When Did Parents Stop Going Out at Night?

Before bedtime routines became military operations

By Emanuela Campanella

When Did Parents Stop Going Out at Night?

Source: Pinterest (@yqer)

My parents had actual social lives in the ‘90s – not the modern version where you text another couple for three weeks trying to coordinate a brunch reservation at 10:30 a.m. because “that’s the sweet spot before someone has a meltdown ahead of naptime.”

I mean real social lives: dinner parties, friends coming over late, loud conversations around kitchen tables, and random visits that somehow turned into midnight espresso and cake. Sometimes my parents would bring us to someone else’s house and we’d just…exist there for hours.

I vividly remember being four years old and falling asleep across two dining room chairs at a wedding while adults talked, laughed, and danced around me. The DJ was probably playing Macarena, and someone was almost certainly trying to convince my parents to stay for one more song. At some point, my dad would carry me to the car fully asleep, my little shoes somehow always falling off in the process. And nobody acted like this was unusual.

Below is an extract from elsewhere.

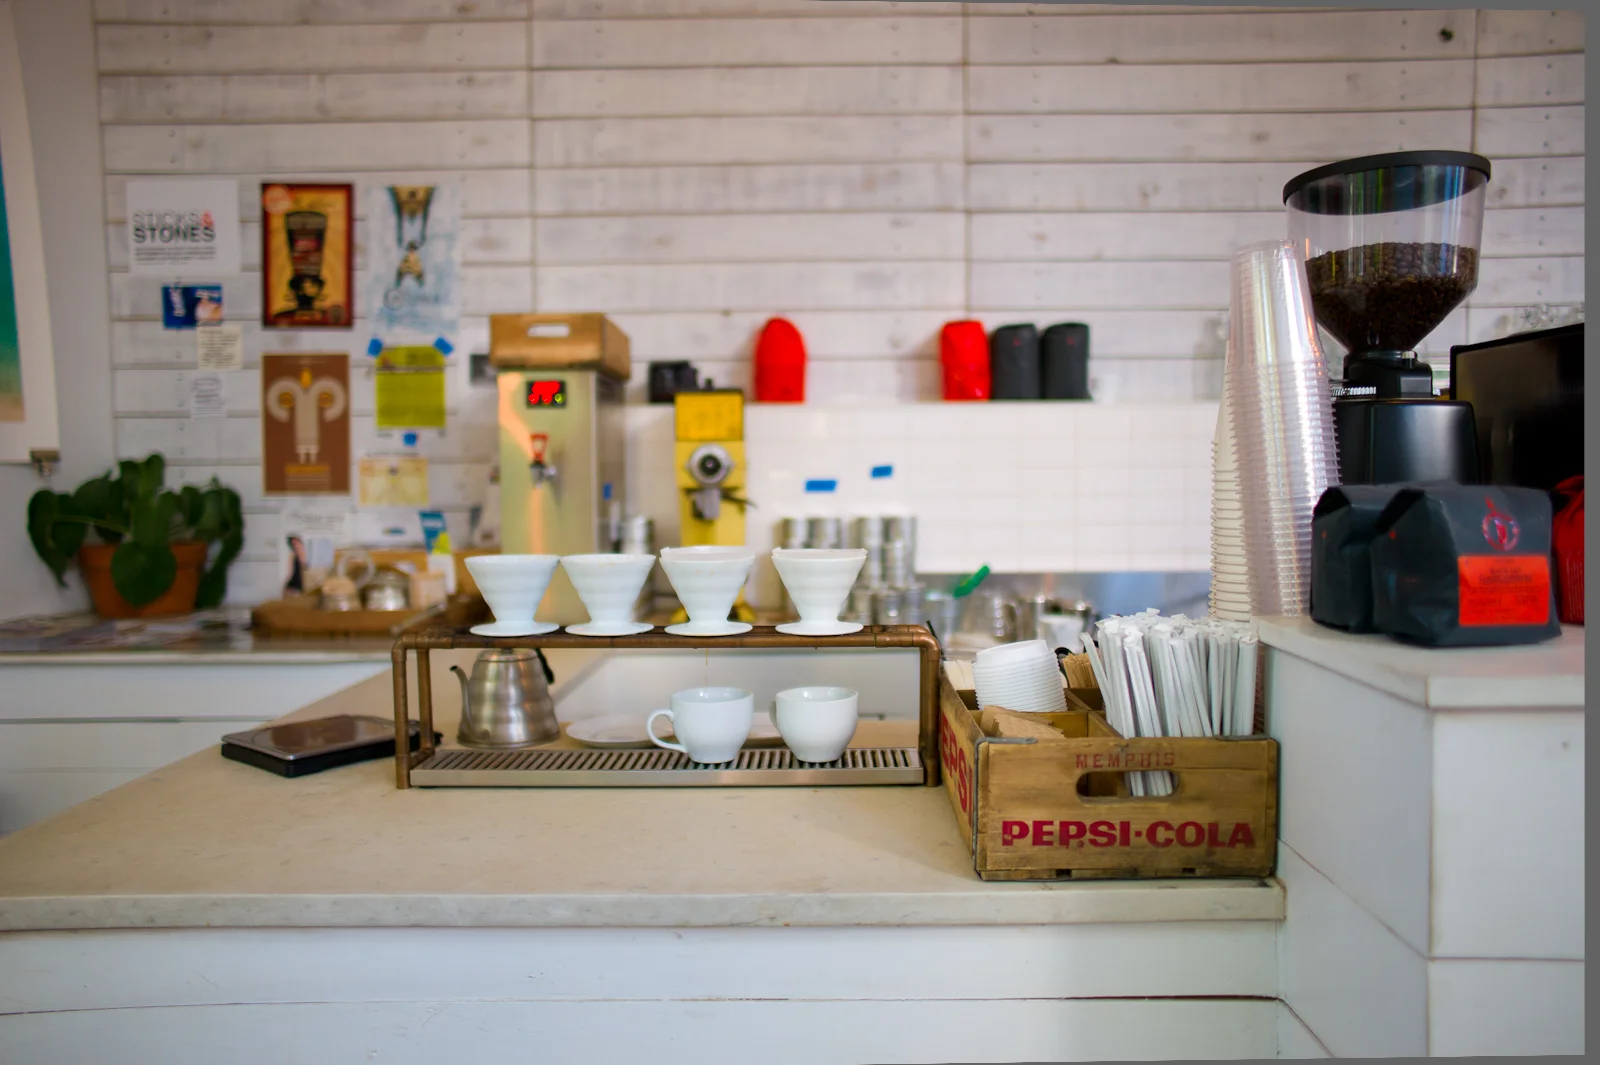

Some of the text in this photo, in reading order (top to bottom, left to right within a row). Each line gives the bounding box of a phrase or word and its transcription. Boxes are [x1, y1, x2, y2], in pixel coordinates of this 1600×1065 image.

When Kids Became The Main Event

Now, if someone suggests meeting at 7:30 p.m., I react like they’ve proposed a cross-country expedition. Seven thirty? At night? On purpose?

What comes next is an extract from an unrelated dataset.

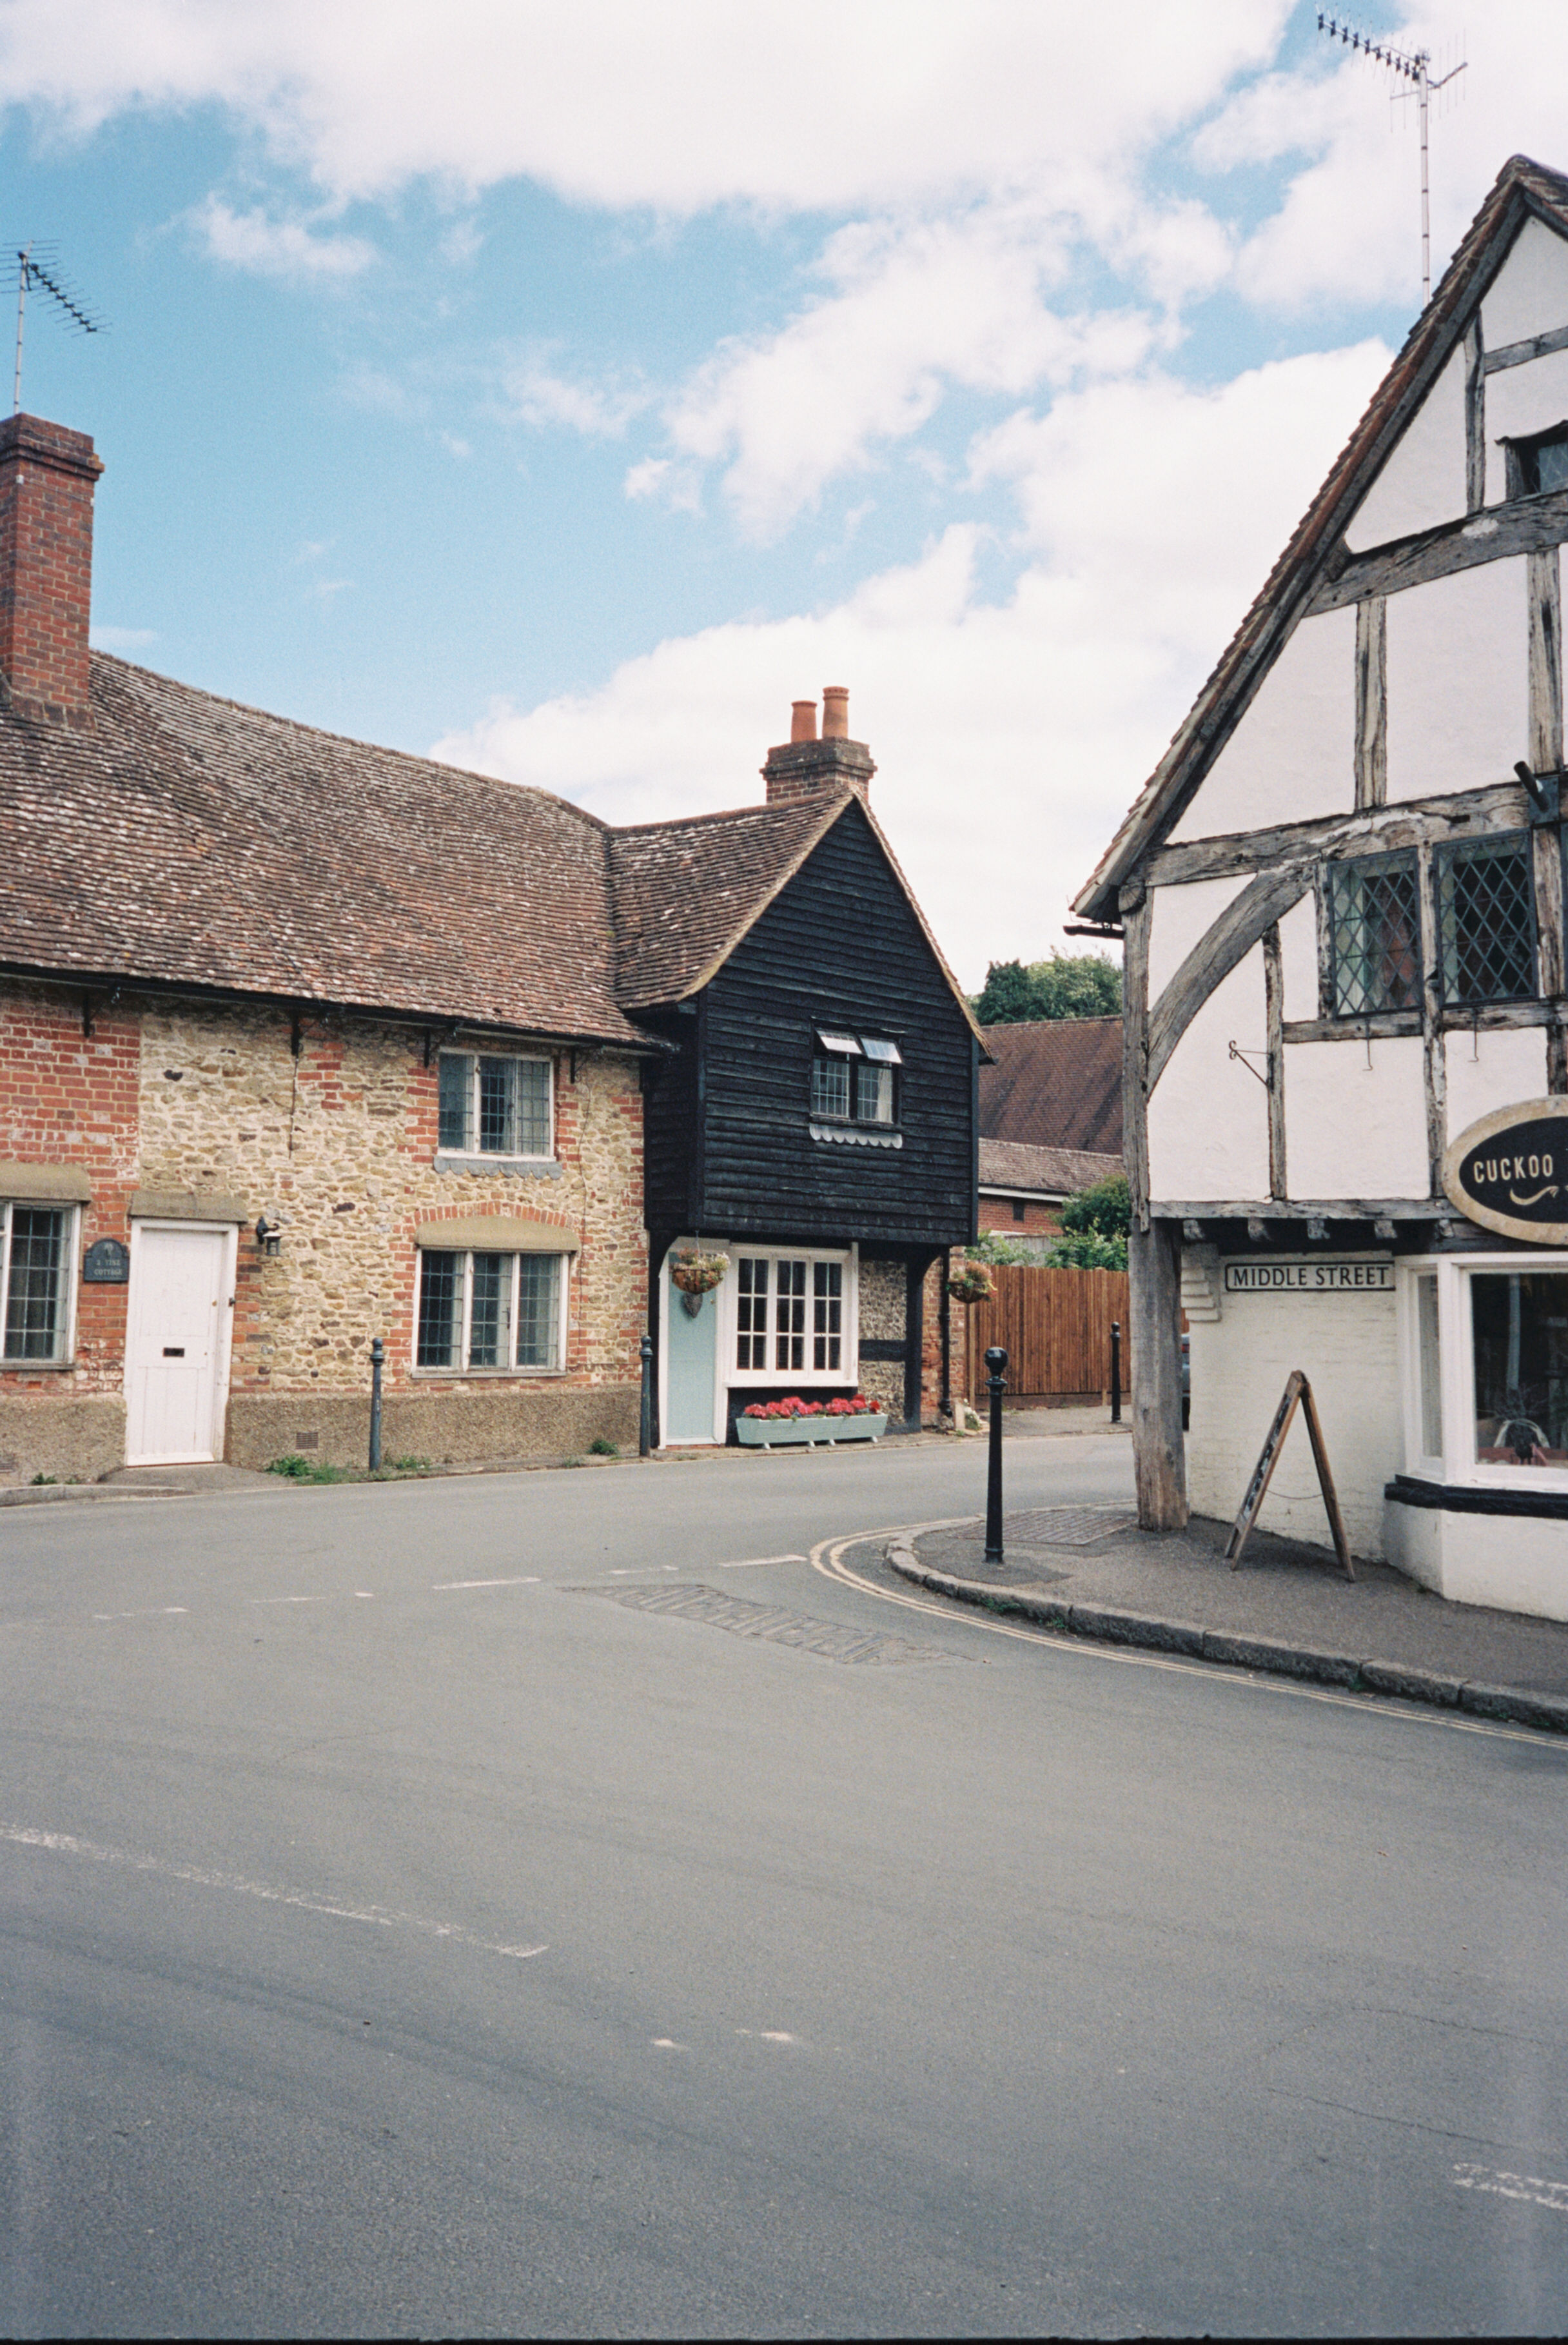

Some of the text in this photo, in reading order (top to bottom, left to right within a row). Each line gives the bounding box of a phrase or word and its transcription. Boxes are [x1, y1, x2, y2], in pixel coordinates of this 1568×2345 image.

[1473, 1154, 1553, 1183] CUCKOO
[1233, 1267, 1389, 1287] MIDDLE STREET

At that time, my husband and I are in the thick of bath negotiations, pajama resistance, my four-year-old son asking for water for the ninth time, and my one-year-old daughter suddenly remembering an urgent emotional crisis involving the wrong stuffed animal. And even if we somehow make it out? The psychological cost feels enormous.

Parenting today often feels less like “going with the flow” and more like managing a delicate ecosystem where one disrupted bedtime threatens the stability of the entire household.

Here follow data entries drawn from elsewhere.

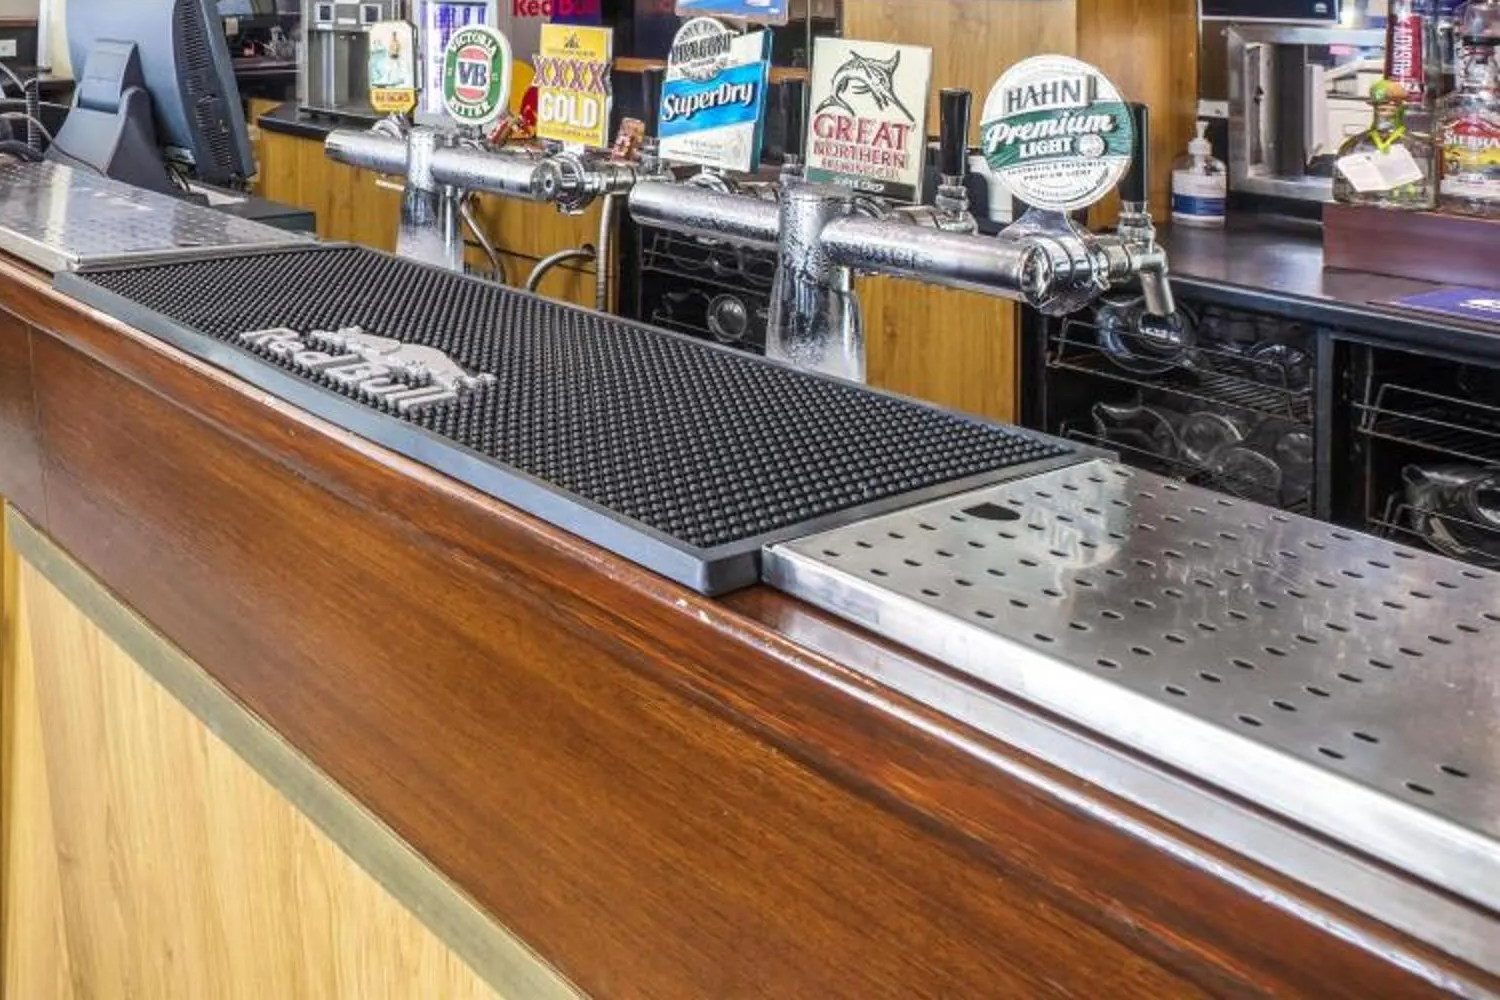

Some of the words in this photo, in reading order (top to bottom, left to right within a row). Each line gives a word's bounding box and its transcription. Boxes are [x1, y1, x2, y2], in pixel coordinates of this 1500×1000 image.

[457, 61, 487, 87] VB
[531, 55, 609, 95] XXXX
[541, 91, 599, 129] GOLD
[1006, 78, 1081, 113] HAHN
[813, 113, 911, 151] GREAT
[984, 111, 1116, 154] Premium
[1019, 136, 1075, 158] LIGHT
[813, 140, 907, 169] NORTHERN

A late night doesn’t just feel late anymore. It feels like it could ruin tomorrow. Maybe even the next two tomorrows.

You start calculating things in increasingly tragic ways.

“If they fall asleep in the car, transfer risk is high.”

“If bedtime shifts by 45 minutes, wake-up could still somehow remain 5:42 a.m.”

“If we stay too long, everyone will be dysregulated.”

I don’t remember my parents using the word dysregulated once in 1995.

And to be fair, some of this shift makes sense. Parents today are carrying a lot. Many of us are raising kids far from extended family support while juggling demanding jobs, constant stimulation, and the mental load of approximately 9,000 invisible tasks.

We also know more now about sleep, routines, and child development. Structure can genuinely help kids – and parents – survive those early years. But sometimes I wonder if we’ve slowly built family life around such rigid routines that adult life started shrinking in the process.

What Parents Are Trying Now

The Great Parenting Reorganization

When I think back to my childhood, my parents weren’t as preoccupied with raising us. I remember watching them exist as people outside of parenting. They had friendships, community, spontaneity, and entire evenings that weren’t centered around optimizing tomorrow morning. Meanwhile, modern parents often talk about going out at night the way exhausted war veterans talk about a mission behind enemy lines.

“Honestly, by the time we get a babysitter and leave the house, we’re too tired to enjoy ourselves.”

And honestly? Fair. There are nights now where the idea of sitting on my couch in silence by 9 p.m. feels more luxurious than bottle service at a rooftop bar. But I do think something has changed culturally. Kids used to fit more into adult life. Now adult life often bends entirely around children. Not better. Not worse. Just…different.

Maybe one day our kids will look back at us the same way. They’ll remember parents who protected sleep schedules with their lives, who left birthday parties before sunset, who whispered, “We can’t risk a late bedtime” like it was a medical condition. And maybe they’ll think that was completely normal too.